Florian Thamm

Dr.-Ing. Florian Thamm

Researcher

Department of Computer Science
Chair of Computer Science 5 (Pattern Recognition)

Room: Room 04.133
Martensstr. 3
91058 Erlangen

Office hours

Each week Mo, Tu,

Please do not call me in the office. Write me an E-Mail instead 🙂

 

Wanna’ see how we synthesized 57 300 000 000 (!) patients out of 151?

 

Check out our most recent work “Building Brains” [arXiv] accepted at MICCAI to see how we pushed the detection of LVOs even further! Open the Projects tab below ; )

Projects

Building Brains aka The Sandwich Method

Building Brains: Subvolume Recombination for Data Augmentation in Large Vessel Occlusion Detection

Ischemic strokes are often caused by large vessel occlusions (LVOs), which can be visualized and diagnosed with Computed Tomography Angiography scans. As time is brain, a fast, accurate and automated diagnosis of these scans is desirable. Human readers compare the left and right hemispheres in their assessment of strokes. A large training data set is required for a standard deep learning-based model to learn this strategy from data. As labeled medical data in this field is rare, other approaches need to be developed. To both include the prior knowledge of side comparison and increase the amount of training data, we propose an augmentation method that generates artificial training samples by recombining vessel tree segmentations of the hemispheres or hemisphere subregions from different patients. The subregions cover vessels commonly affected by LVOs, namely the internal carotid artery (ICA) and middle cerebral artery (MCA). In line with the augmentation scheme, we use a 3D-DenseNet fed with task-specific input, fostering a side-by-side comparison between the hemispheres. Furthermore, we propose an extension of that architecture to process the individual hemisphere subregions. All configurations predict the presence of an LVO, its side, and the affected subregion. We show the effect of recombination as an augmentation strategy in a 5-fold cross validated ablation study. We enhanced the AUC for patient-wise classification regarding the presence of an LVO of all investigated architectures. For one variant, the proposed method improved the AUC from 0.73 without augmentation to 0.89. The best configuration detects LVOs with an AUC of 0.91, LVOs in the ICA with an AUC of 0.96, and in the MCA with 0.91 while accurately predicting the affected side.

https://arxiv.org/pdf/2205.02848.pdf 

SyNCCT

Can you tell which one is fake?

No? Don’t worry*, radiologists neither can 😉 Check out our most recent work “SyNCCT” published at MICCAI to see how we synthesized CT images from angiography scans.

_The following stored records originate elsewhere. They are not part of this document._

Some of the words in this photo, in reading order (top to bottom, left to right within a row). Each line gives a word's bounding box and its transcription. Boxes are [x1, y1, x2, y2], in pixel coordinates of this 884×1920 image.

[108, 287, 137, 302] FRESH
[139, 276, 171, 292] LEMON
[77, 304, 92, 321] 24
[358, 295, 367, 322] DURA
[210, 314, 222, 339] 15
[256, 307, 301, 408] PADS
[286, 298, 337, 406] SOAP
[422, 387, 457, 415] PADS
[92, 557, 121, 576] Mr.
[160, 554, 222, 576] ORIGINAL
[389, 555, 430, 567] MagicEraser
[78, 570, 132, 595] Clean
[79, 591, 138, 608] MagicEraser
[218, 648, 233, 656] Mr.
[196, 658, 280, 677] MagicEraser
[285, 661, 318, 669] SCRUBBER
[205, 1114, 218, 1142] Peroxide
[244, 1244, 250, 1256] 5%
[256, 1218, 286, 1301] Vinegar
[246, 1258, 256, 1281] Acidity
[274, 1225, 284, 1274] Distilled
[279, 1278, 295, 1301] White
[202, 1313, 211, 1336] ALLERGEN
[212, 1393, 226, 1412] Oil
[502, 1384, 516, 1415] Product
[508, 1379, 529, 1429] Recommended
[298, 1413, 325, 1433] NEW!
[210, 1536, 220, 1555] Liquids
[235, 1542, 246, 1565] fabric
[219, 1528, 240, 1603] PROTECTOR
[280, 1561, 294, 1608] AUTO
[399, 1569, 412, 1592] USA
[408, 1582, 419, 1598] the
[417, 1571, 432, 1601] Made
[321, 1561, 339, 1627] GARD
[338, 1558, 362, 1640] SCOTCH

SyNCCT: Synthetic Non-contrast Images of the Brain from Single-Energy Computed Tomography Angiography

By injecting contrast agent during a CT acquisition, the vascular system can be enhanced. This acquisition type is known as CT Angiography (CTA). However, due to typically lower dose levels of CTA scans compared to non-contrast CT acquisitions (NCCT) and the employed reconstruction designed specifically for vessel reconstruction, soft tissue contrast in the brain parenchyma is usually subpar. Hence, an NCCT scan is preferred for the visualization of such tissue. We propose SyNCCT, an approach which synthesizes NCCT images from the CTA domain by removing enhanced vessel structures and improving soft tissue contrast. Contrary to virtual non-contrast (VNC) images based on dual energy scans, which target the physically accurate removal of iodine rather than generating a realistic NCCT with improved gray/white matter separation, our approach only requires a conventional single-energy acquisition. By design, our method integrates prior domain knowledge and employs residual learning as well as a discriminator to achieve perceptual realism. In our data set of patients with ischemic stroke, the absolute differences in automatic ASPECT scoring, which rates early signs of an occlusion in the anterior circulation on a scale from 0 (most severe) to 10 (no signs), was 0.78 ± 0.75 (median of 1) when comparing our SyNCCT to the real NCCT images. Qualitatively, realistic appearance of the images was confirmed by means of a Turing test with a radiologist, who classified 64% of 64 (32 real, 32 generated) images correctly. Two other physicians classified 65% correctly, on average.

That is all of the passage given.